Whether you have lived in Qatar for years or are new to the country, you might not have heard about these Qatari traditions. It's about time we talked about some of these beautiful traditions.
Al Nafla is celebrated as a reminder of all the rewards and blessings that the holy month of Ramadan will bring with it, and it's celebrated on 14 Shaaban, before the start of the holy month of Ramadan. The idea is to start preparing for the upcoming month of fasting. Family members get together, buy Ramadan staple grocery items and prepare food in anticipation of the holy month. They also prepare traditional food and platters that are distributed amongst the neighbours and the poor. Food like Harees and Machboos are cooked; local desserts Muhalabiya and Umm Ali are also prepared to be given as gifts. There is said to be a blessing in doing things together as a family or community, so there is a lot of emphasis on this tradition.
Melcha is celebrated when the groom officially asks for the bride’s hand from her father/brothers/uncles/; the elders of the family. It is a wedding celebration after the signing of the marriage contract between the bride and groom. It's held on the night of the signing, before the more elaborate parties and functions take place.
The bride's family hosts this party and normally, just close family and friends of the couple are invited to it. The bride’s family might also choose to display the gifts that the groom gives to his life partner.
I like this tradition and would love to adopt it for that Range Rover. Or the diamonds.
In the old days, a cannon used to be fired to mark the end of the fast (Iftar time) at sunset to make sure that people faraway, in the next village also heard it and could break their fast. This tradition is still carried out in Qatar. A cannon is fired at places around Doha to symbolise the breaking of the fast. These places include Katara, Souq Waqif, Souq Al Wakrah and State Grand Mosque.
And, if you've been living in Qatar long enough, you would know that the cannon used to be fired next to the Qatar Post Head Office near Corniche. Nowadays people take snacks and drinks with them to the above places, to see the firing of the cannon and open their fast right there.
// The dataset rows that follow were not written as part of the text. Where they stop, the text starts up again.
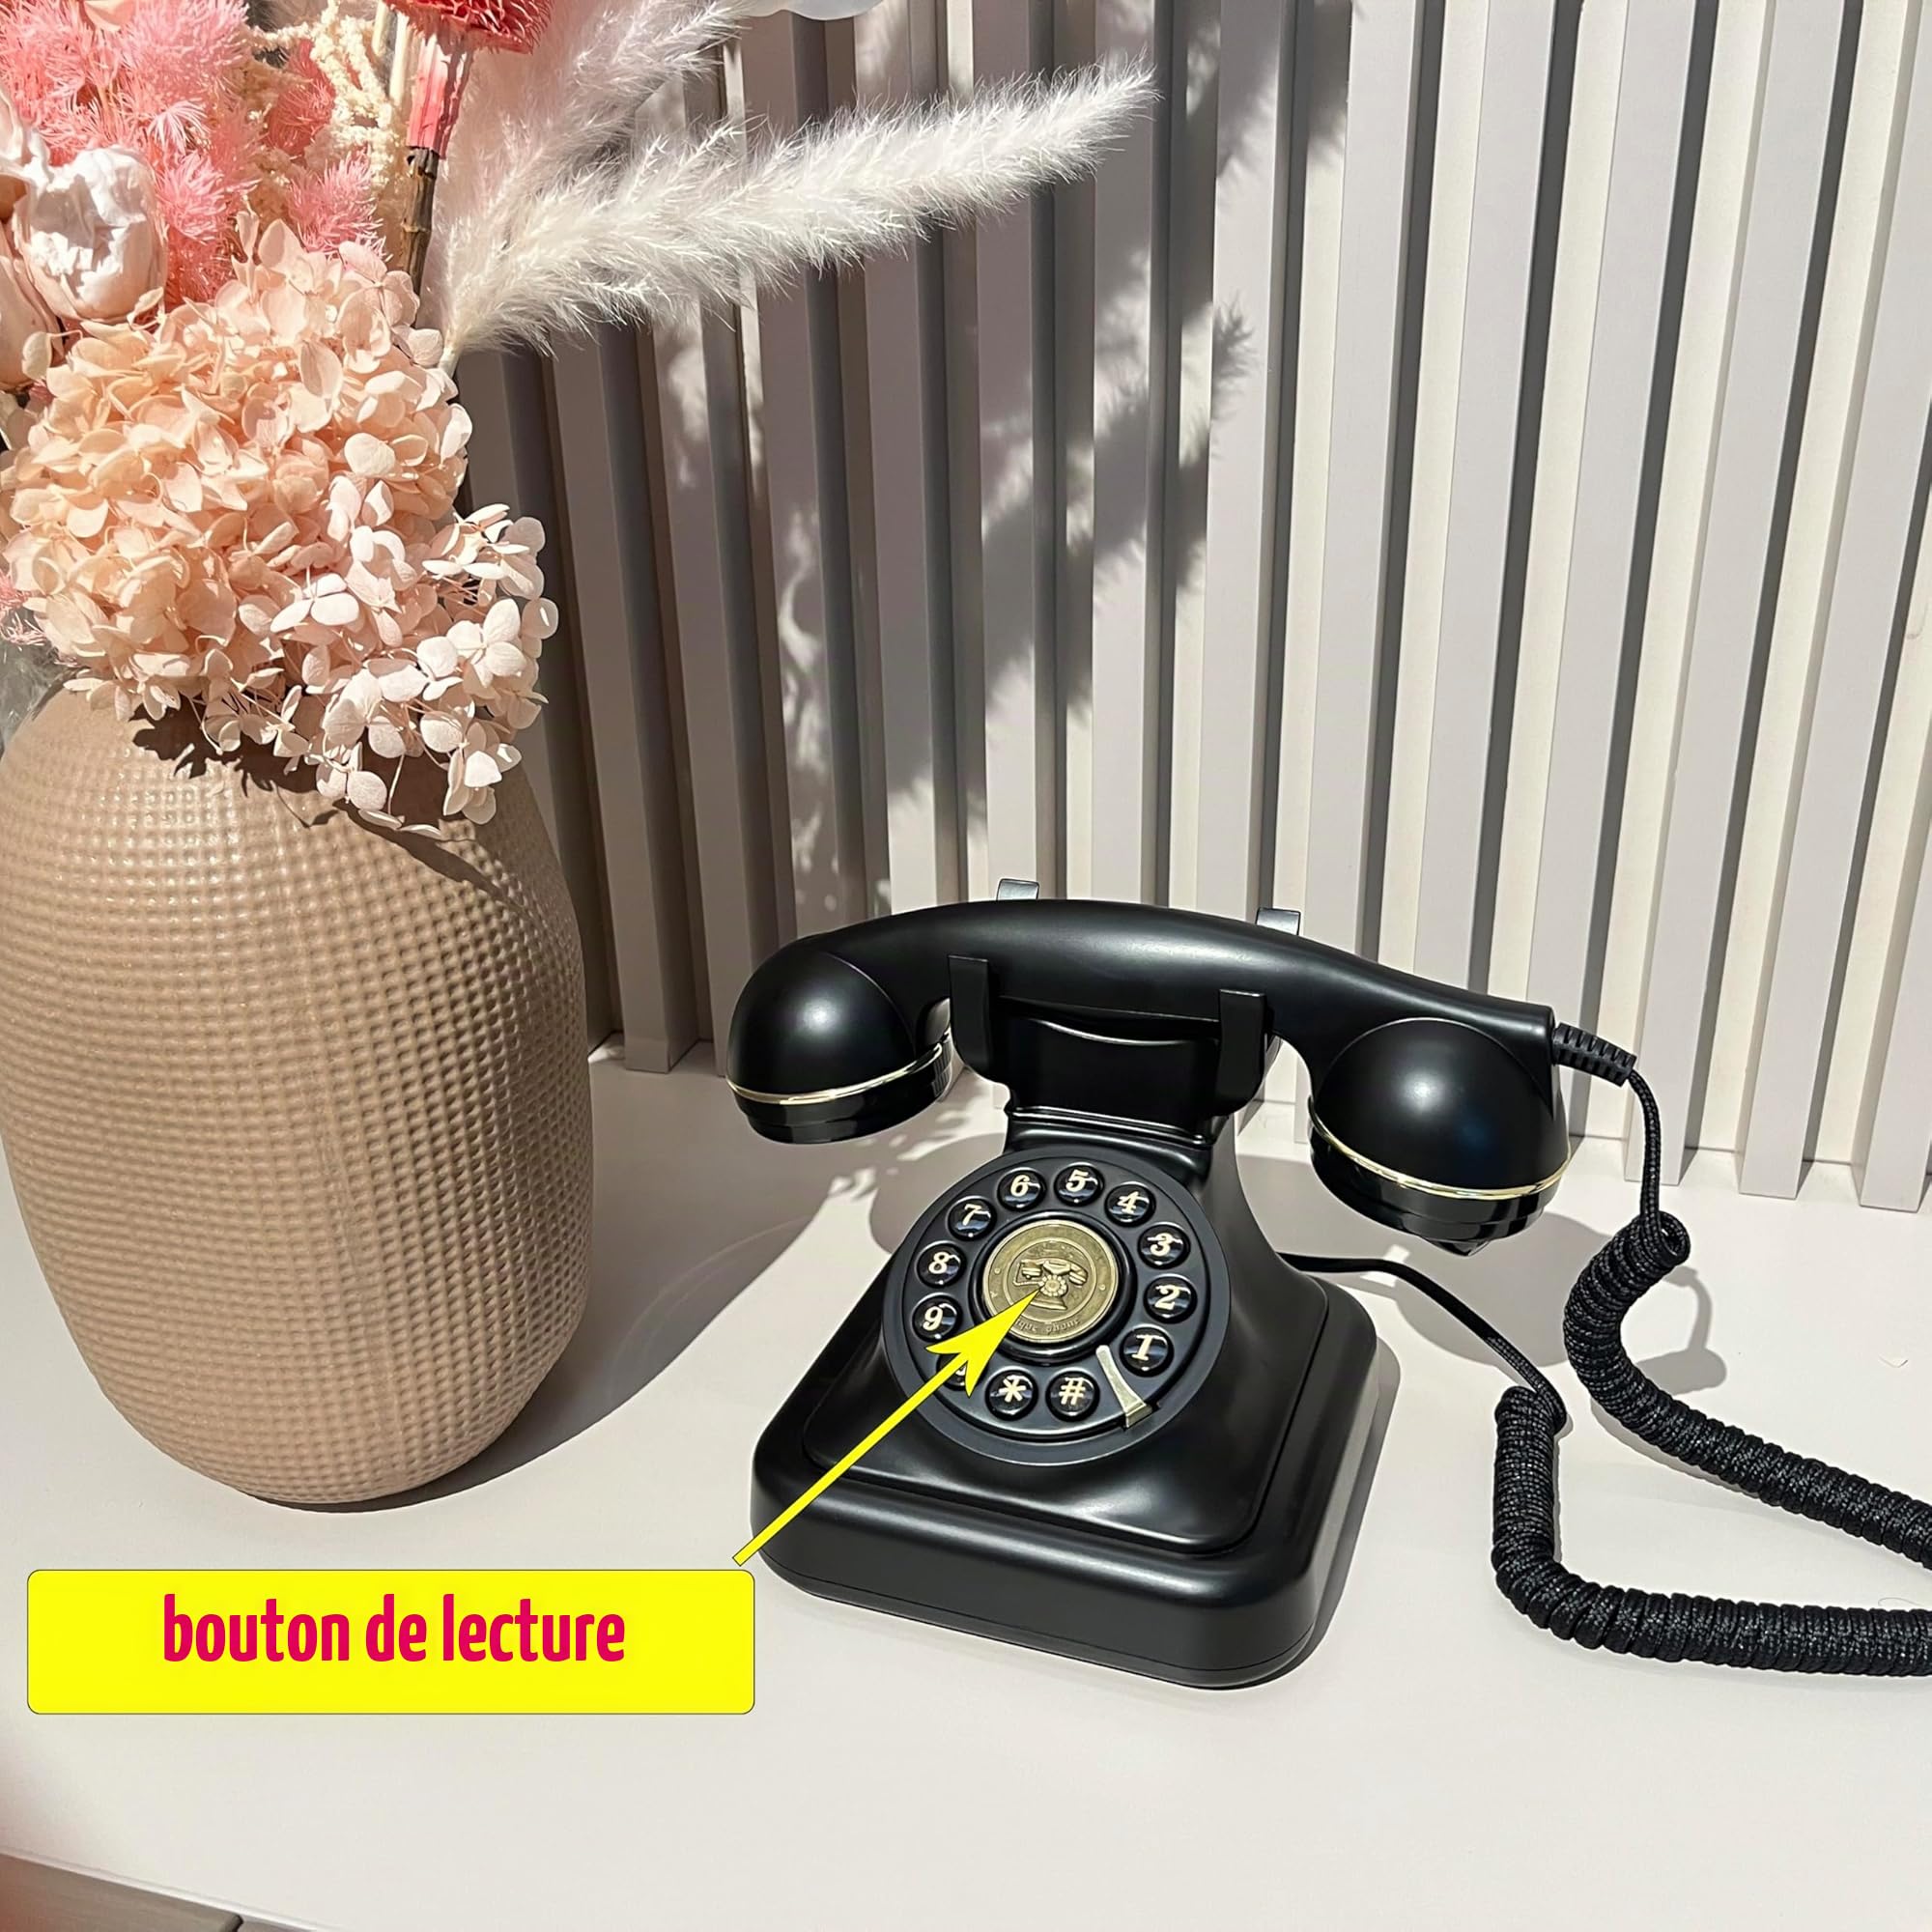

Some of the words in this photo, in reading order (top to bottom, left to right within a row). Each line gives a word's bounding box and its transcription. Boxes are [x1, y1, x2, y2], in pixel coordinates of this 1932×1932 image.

[1010, 1174, 1030, 1198] 6
[1065, 1170, 1087, 1193] 5
[1117, 1190, 1139, 1214] 4
[961, 1204, 980, 1227] 7
[1150, 1233, 1173, 1257] 3
[927, 1251, 949, 1275] 8
[1157, 1285, 1180, 1312] 2
[924, 1305, 944, 1330] 9
[1130, 1336, 1152, 1361] 1
Majlis in Arabic means 'a place of sitting'. In the Qatari culture, it's a place of formal or informal social gatherings where people come together to discuss local issues, celebrate occasions or just to socialise. Normally, you'll see a separate area next to the house or a room that is adjacent but has a separate entrance. That's the Majlis and most Qatari homes have one. For special occasions, tents are erected near the house to host more people.
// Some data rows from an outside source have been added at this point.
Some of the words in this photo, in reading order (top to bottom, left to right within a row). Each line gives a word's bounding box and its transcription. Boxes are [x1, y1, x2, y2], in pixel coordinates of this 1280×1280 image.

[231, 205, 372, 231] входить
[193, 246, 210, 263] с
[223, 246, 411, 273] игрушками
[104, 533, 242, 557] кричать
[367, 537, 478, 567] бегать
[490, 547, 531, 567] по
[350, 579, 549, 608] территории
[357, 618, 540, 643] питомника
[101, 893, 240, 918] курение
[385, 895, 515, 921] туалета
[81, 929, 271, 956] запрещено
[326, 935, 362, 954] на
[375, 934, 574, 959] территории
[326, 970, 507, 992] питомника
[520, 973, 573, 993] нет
These Majlises are normally segregated. During these gatherings, Gahwa (Arabic coffee) is served by the youngest member of the family present as a sign of respect. It is also considered rude to refuse Gahwa at a Majlis.
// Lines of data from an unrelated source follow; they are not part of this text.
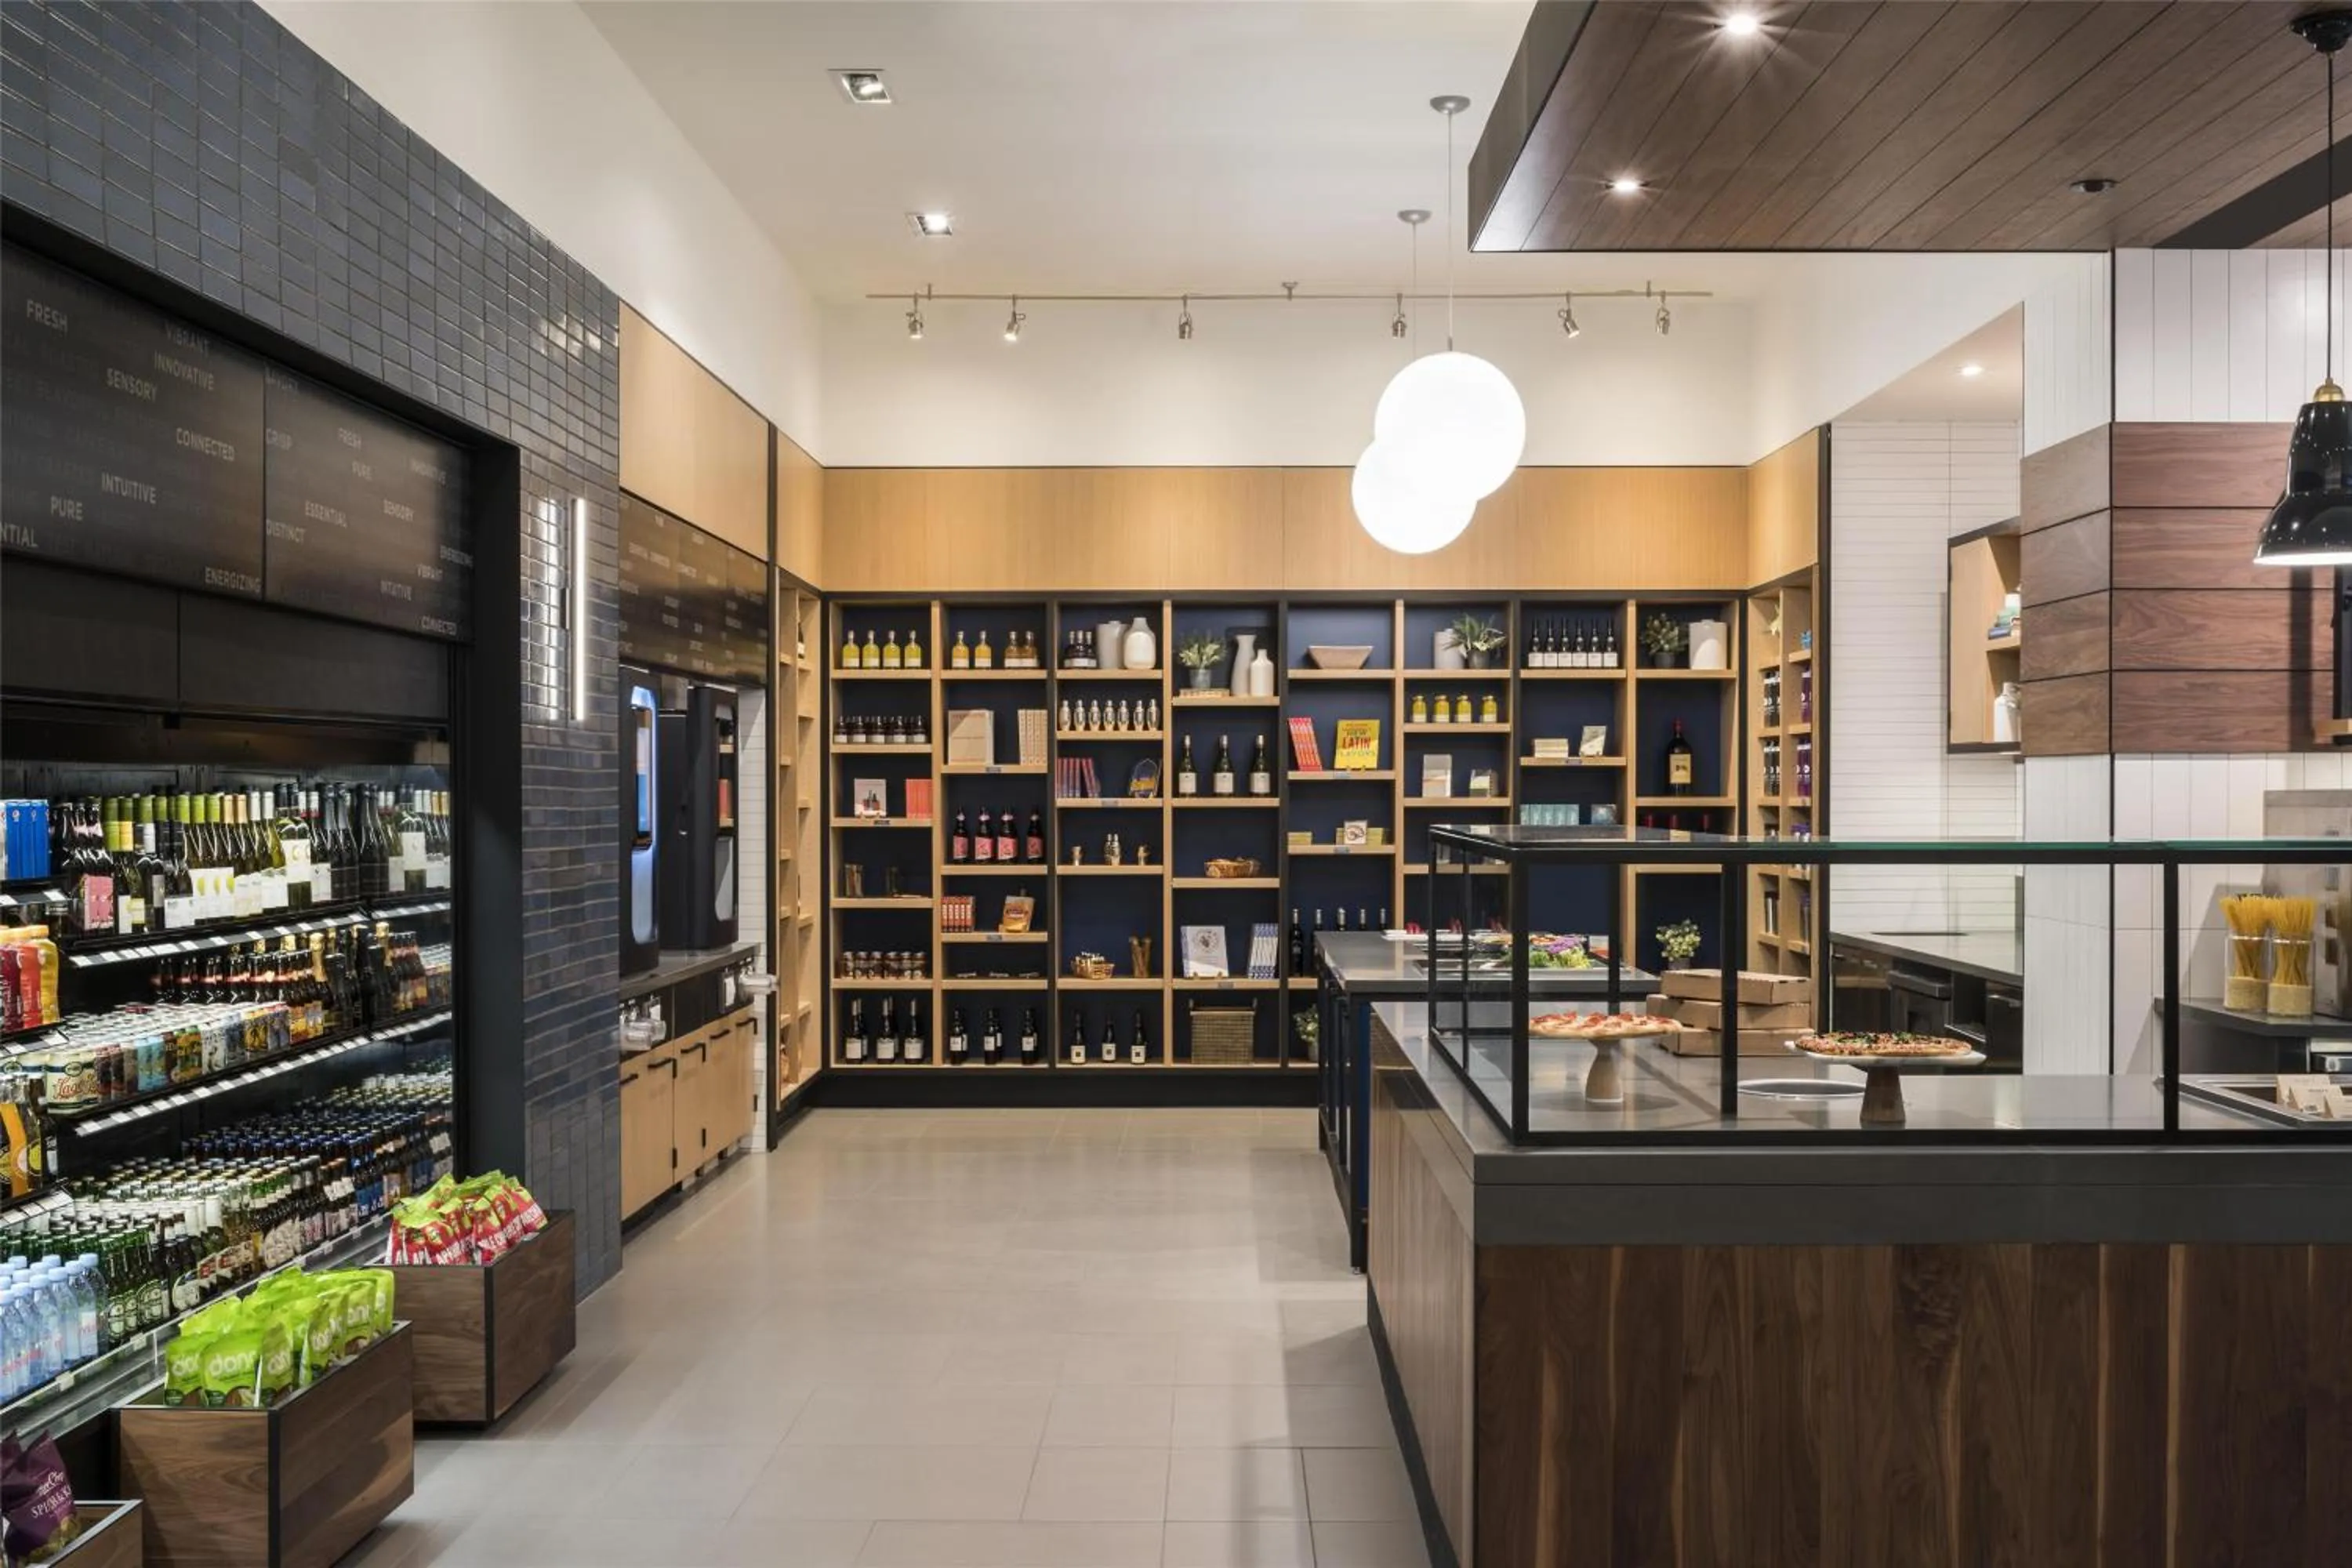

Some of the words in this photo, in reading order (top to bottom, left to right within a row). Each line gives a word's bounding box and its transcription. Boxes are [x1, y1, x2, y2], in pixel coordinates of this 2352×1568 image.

[26, 298, 68, 334] FRESH
[106, 367, 157, 402] SENSORY
[154, 350, 215, 391] INNOVATIVE
[176, 427, 235, 463] CONNECTED
[101, 472, 157, 505] INTUITIVE
[50, 495, 83, 521] PURE
[205, 565, 262, 593] ENERGIZING
[1341, 736, 1371, 750] LATIN
Once Ramadan comes to an end, on Eid day, kids go from house to house in their community, singing traditional folk songs to celebrate Eid. In return, the elders of the family give them cash or sweets which is called Eidiya.
Once you start earning, you are no longer eligible to receive Eidiya. Instead, you have to give it. Elders of the family also withdraw crisp new notes from the bank in anticipation of this tradition. These days, money has given way to presents like toys and games, but traditionally that's not considered as Eidiya.
These are just a few of the traditions that Qataris have held onto throughout the years.